We next confirmed the antibody binding specificity by using an absorption procedure (Figure 2A). Both the intra-inclusion and host cell cytosolic signals detected by the anti-cHtrA antiserum or anti-cHtrA mAb 6A2 were removed by absorption with GST-cHtrA but not GST-CPAF fusion proteins. Similarly, the cytosolic signal detected with the anti-CPAF antibody was removed by absorption with the GST-CPAF but not GST-cHtrA fusion proteins, demonstrating that the anti-cHtrA and anti-CPAF antibodies specifically labeled the corresponding endogenous proteins without cross-reacting with each other. In a Western blot assay (Figure 2B), the anti-cHtrA antibodies recognized both the GST-cHtrA fusion protein and the endogenous cHtrA from the C. trachomatis-infected HeLa cells (Ct-HeLa) while the various control antibodies recognized the corresponding antigens without any significant cross-reactivity with each other. The anti-CPAF antibody detected the GST-CPAF fusion protein and also the C-terminal fragment (CPAFc) of the endogenous CPAF from the Ct-HeLa sample. CPAF is rapidly processed into the N- and C-terminal fragments during chlamydial infection and the mAb 100a is specific to the 35 kDa C-terminal fragment . The anti-MOMP antibody detected MOMP from Ct-HeLa, confirming the presence of whole chlamydial organisms in the sample while the anti-human HSP70 antibody detected similar amounts of HSP70 in the HeLa alone and Ct-HeLa samples, indicating that an equivalent amount of whole cell lysates was loaded in both samples. These observations together have demonstrated that the anti-cHtrA antibodies only recognized cHtrA without cross-reacting with any other chlamydial or host cell proteins, suggesting that the cellular signals detected with the anti-HtrA fusion protein antibodies in the immunofluorescence assay were specific to the endogenous cHtrA produced by chlamydial organisms.

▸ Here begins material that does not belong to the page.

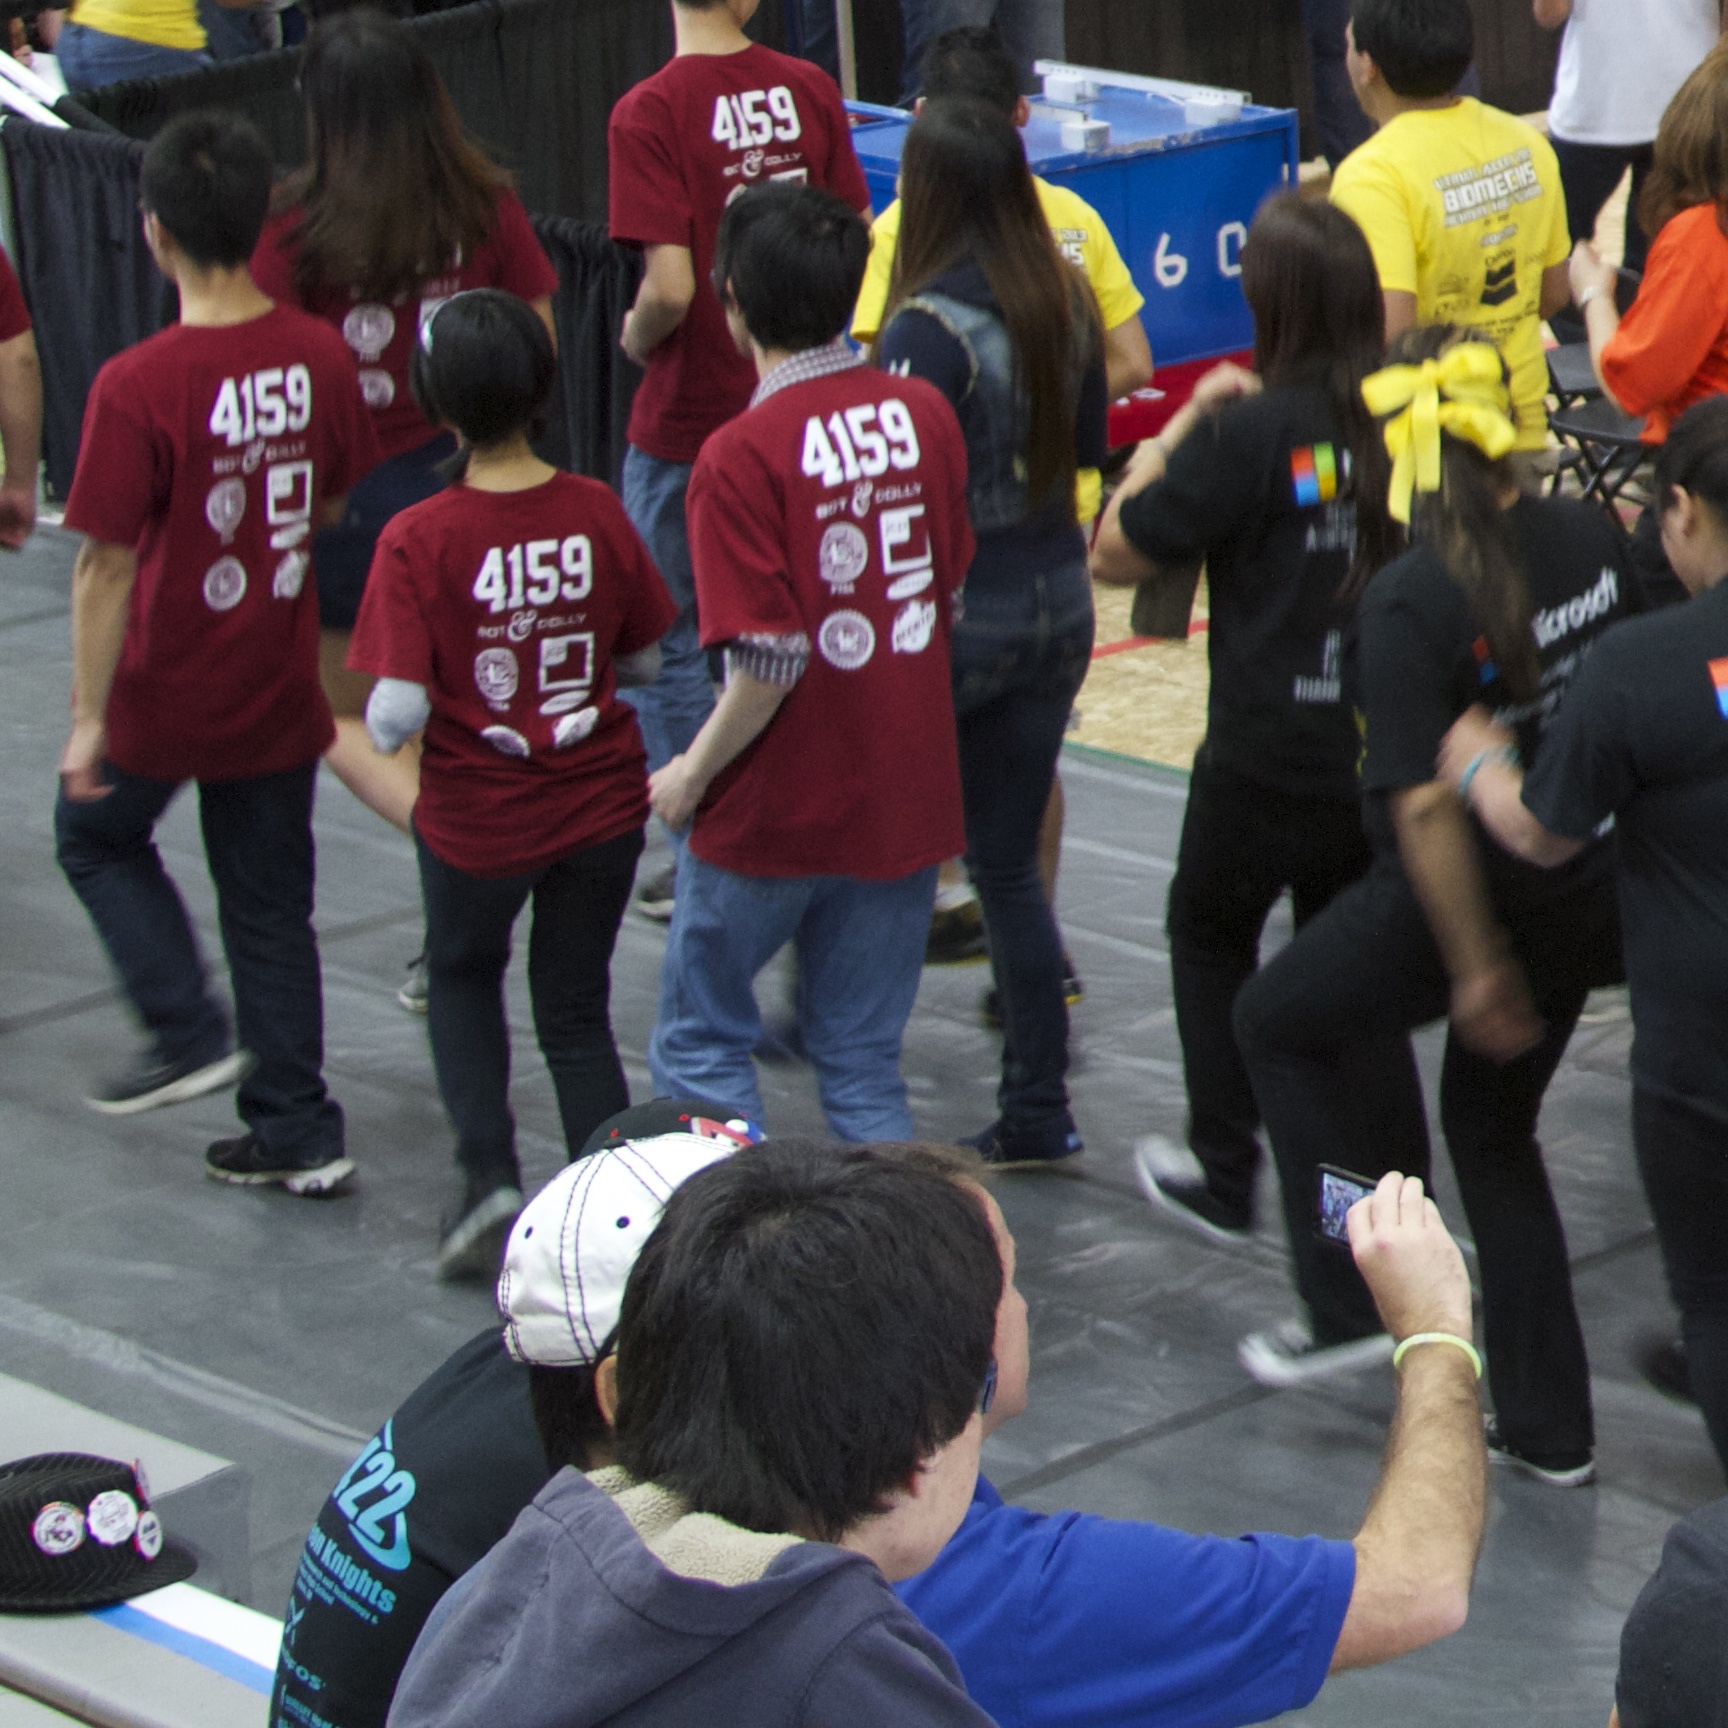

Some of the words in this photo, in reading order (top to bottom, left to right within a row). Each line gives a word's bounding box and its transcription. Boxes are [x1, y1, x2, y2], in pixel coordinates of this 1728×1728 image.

2. Secretion of cHtrA but not other chlamydial periplasmic proteins into host cell cytosol
Since cHtrA is a periplasmic protein, we next tested whether localization in the host cell cytosol is a common characteristic of all chlamydial periplasmic proteins. The intracellular distributions of two periplasmic proteins involved in disulfide bond formation (CT539, TrxA or thioredoxin) and isomerization (CT783, PDI or protein disulfide bond isomerase; http://stdgen.northwestern.edu/) respectively and one periplasmic iron binding protein (CT067, YtgA, an ABC transporter system component; ref: [59, 60]) were compared with that of cHtrA (Figure 3). Under a conventional fluorescence microscope (A), only cHtrA but not the other periplasmic proteins including CT067, CT539 & CT783 was detected outside of the chlamydial inclusions. This observation was confirmed under a confocal microscope (B). The Z-axis serial section images showed that cHtrA was clearly detected both inside and outside the inclusion membrane but CT067 was only detected inside the inclusion membrane.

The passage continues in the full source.